Os gémeos separados no exílio
No exílio, os gémeos foram separados: a Torá Escrita elevou-se aos cumes da sua santidade, e a Torá Oral desceu à mais funda profundeza. E, ainda assim, esta recebe uma nutrição secreta da luz da Torá Escrita — da colheita espontânea do passado [o que rebrota por si] —, suficiente para mantê-la numa vida apertada; e vai descendo e caindo dia após dia, até que, em breve, sopre o dia e venha a luz da vida, do tesouro da redenção eterna.

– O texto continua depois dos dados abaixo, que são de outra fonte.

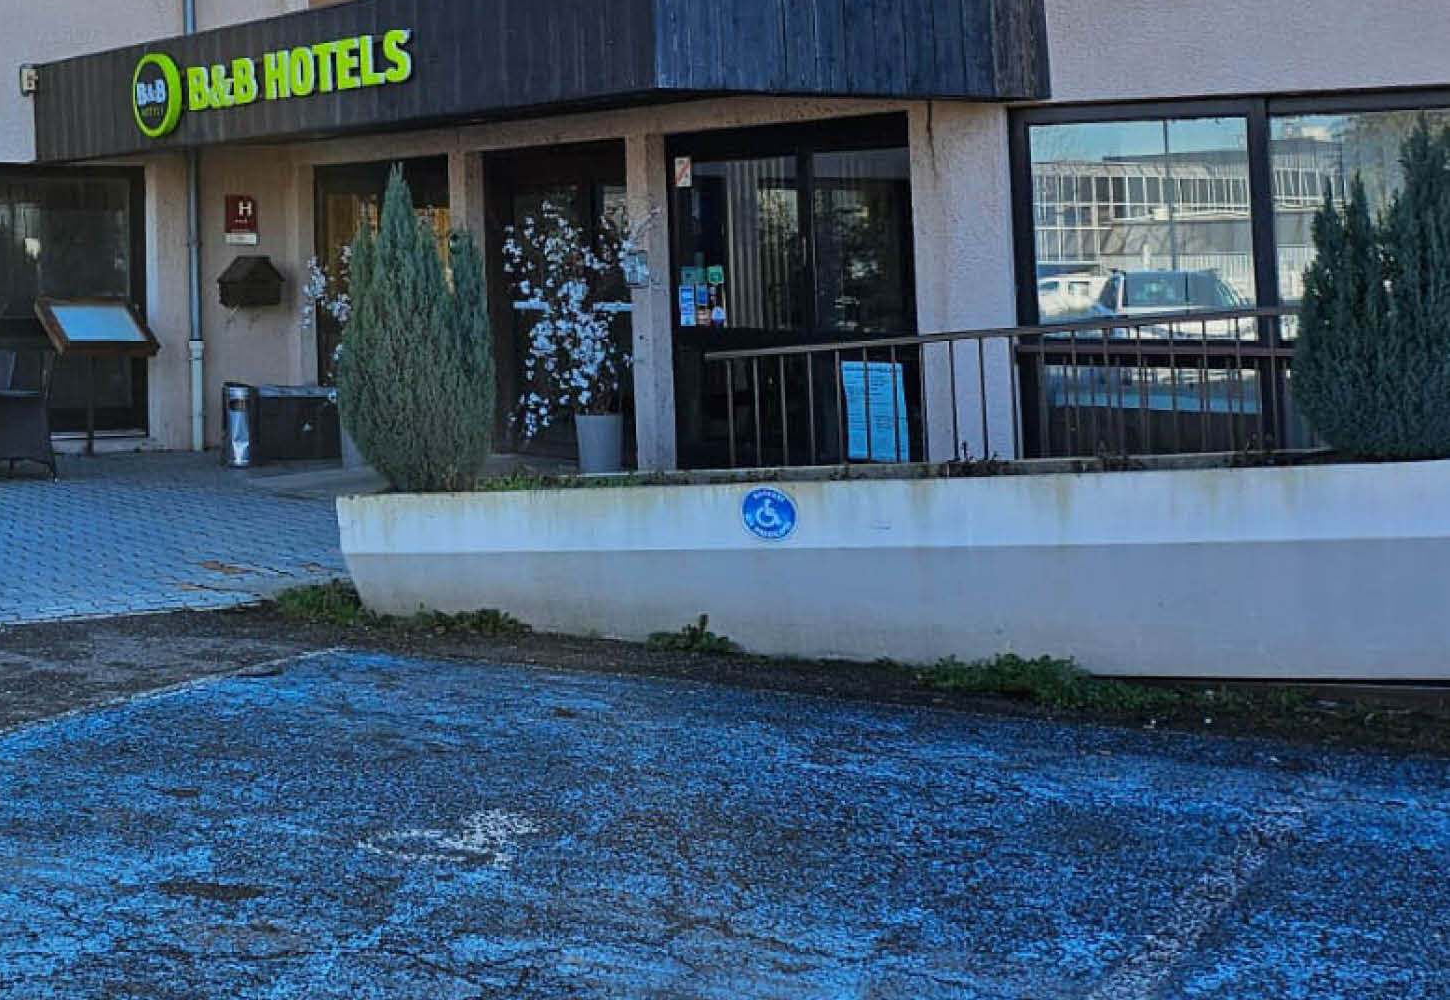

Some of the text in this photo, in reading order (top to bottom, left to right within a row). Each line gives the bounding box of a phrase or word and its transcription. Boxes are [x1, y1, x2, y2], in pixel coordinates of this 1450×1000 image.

[187, 29, 412, 111] B&B HOTELS
[238, 200, 252, 216] H

A figura dos "gémeos" é tocante. A Torá Escrita, no exílio, tornou-se cada vez mais sublime e reverenciada — mas também cada vez mais distante da vida concreta; e a sua gémea, a Torá Oral, que vive justamente do contato com a vida, foi minguando por falta dessa vida sobre a qual agir. As duas precisam uma da outra: sem a Escrita, a Oral não tem raiz; sem a Oral, a Escrita não toca o chão. O exílio partiu o par — e por isso ambas sofreram.
O reencontro na redenção
E Israel prosperará, plantado na sua terra, florescendo em todo o esplendor das suas ordens. Então a Torá Oral começará a crescer da profundeza das suas raízes, subindo cada vez mais alto, e a luz da Torá Escrita lançará sobre ela raios de luz de novo, "novos a cada manhã"; e os amados reunir-se-ão na morada do seu dossel [a sua chupá]. E a luz da alma do D'us vivo dos mundos, que se revela no renascimento de Israel e na elevação do seu poder, brilhará com a luz dos sete dias, sobre a luz do sol e a luz da lua juntas.
E a sua luz será reta, penetrante e atraente, de uma para a outra, respondendo à terra e ao povo com todo o fulgor da vida.
Texto: Rav Avraham Yitzchak HaCohen Kook, Orot — "Luzes do Renascimento" (Orot HaTechiyá), §50. O original hebraico é de domínio público.
Tradução inédita ao português, feita a partir do hebraico e cotejada com a base de textos do Sefaria. Traduziu-se a seção inteira. As citações são de Yeshayahu 2:3 ("de Sião sairá a Torá") e Yeshayahu 30:26 (a luz dos sete dias); a imagem da "colheita espontânea" (sefiach) ecoa Vayikrá 25 e Yeshayahu 37:30; os "amados" sob a chupá remetem ao Cântico dos Cânticos. As notas e os títulos de seção são originais. Eventuais imprecisões são de nossa responsabilidade.